Sometimes people make well-meaning statements when they are trying to comfort others about things which they have no personal experience. Fortunately, and somehow, as a young pastor I knew not to say, “I know how you feel” unless I had been through what the other person was going through. It’s Pastoring 101.
I now know how you feel if you’re someone who has lost their momma.
My mom, Melba Ruth Graham, went home to be with the Lord on Aug. 21 after a long battle with Parkinson’s disease and related illnesses. Even though our family knew her home going was inevitable, it knocked my world off its axis when it actually happened. I’m still adjusting. I’m sure I’ll be adjusting for some time to come.
My mom was incredible. She was strong, and strong-willed, and my brother, sister and I needed her to be. She was driven, successful, sarcastic, engaging, plainspoken, loving, loved beautiful sunsets, and so much more. My mom wasn’t perfect, but she was authentic in every way.
Those first hours after her passing were surreal, experiencing for the first time what it is like to be without my mom. We were at mom’s house and I was walking my little sister and brother-in-law to their car. “I feel like I’ve landed in a strange country not knowing the language,” I said. A dear pastor friend described it best when he said it really doesn’t matter how old you really are, “You’re just 9 years old when your mother dies.” It’s devastating.
That is just how I feel.
Yes, I am thankful for the truth that, “To be absent from the body is to be present with the Lord.” Mom is indeed walking streets of gold, no longer bound by a broken body. Only one problem, my heart isn’t ready for what my mind knows and believes. It’s hurting. She is in “the sweet by and by.” We are still coping with the “nasty here and now.” This strange land has a name: “The Valley of the Shadow of Death.”
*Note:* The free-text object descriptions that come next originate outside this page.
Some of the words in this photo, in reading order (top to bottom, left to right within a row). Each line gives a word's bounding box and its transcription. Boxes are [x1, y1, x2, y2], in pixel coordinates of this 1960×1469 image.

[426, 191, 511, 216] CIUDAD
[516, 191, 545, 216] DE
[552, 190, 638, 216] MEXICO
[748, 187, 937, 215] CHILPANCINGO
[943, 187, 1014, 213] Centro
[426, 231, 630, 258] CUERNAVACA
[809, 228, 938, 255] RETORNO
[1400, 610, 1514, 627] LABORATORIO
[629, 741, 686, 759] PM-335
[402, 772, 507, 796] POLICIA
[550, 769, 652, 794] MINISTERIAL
At the receiving of friends prior to mom’s funeral, Tennessee Baptist Convention staff and pastors from Tennessee who recently lost their moms passed by. Without them saying a word, I knew they knew what my family was feeling which leads me to another Pastoring 101 lesson: The Power of Presence.
Nothing says, “I care” more loudly than just being there. While I learned that lesson early on, I think I first heard Bobby Welch use the phrase. Some things are impossible to verbalize or explain. The mere presence of a friend in times of mourning shouts volumes of compassion. Nothing needs to be said. Explanations and platitudes are unnecessary. The sight of you says it all.
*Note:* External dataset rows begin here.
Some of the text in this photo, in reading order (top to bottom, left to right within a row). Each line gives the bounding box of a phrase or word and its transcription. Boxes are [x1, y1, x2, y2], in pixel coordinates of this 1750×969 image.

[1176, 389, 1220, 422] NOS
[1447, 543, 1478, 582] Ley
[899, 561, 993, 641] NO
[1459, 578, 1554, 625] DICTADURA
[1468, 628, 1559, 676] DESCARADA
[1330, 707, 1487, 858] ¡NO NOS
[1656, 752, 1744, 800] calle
The Psalmist didn’t write, “Though I walk through the valley of the shadow of death, you’ll talk me through it.” He said, “Thou art with me.” In the Great Commission Jesus says, “I am with you always.” God’s promise to Joshua was, “As I was with Moses, so I’ll be with you.” In our failures, He is with us. In the hardest assignments, He is with us. In loneliness, He is with us. In life’s deepest valleys, He is with us. In great joy or overwhelming grief, God is with us.
We have this immovable anchor for our souls: The Man of Sorrows, Jesus, completely acquainted with grief. He knows perfectly well how we feel and He Himself is present with us. And because of that, despite sorrows and difficulties, it is a joy to be on this journey with you, even through the valley.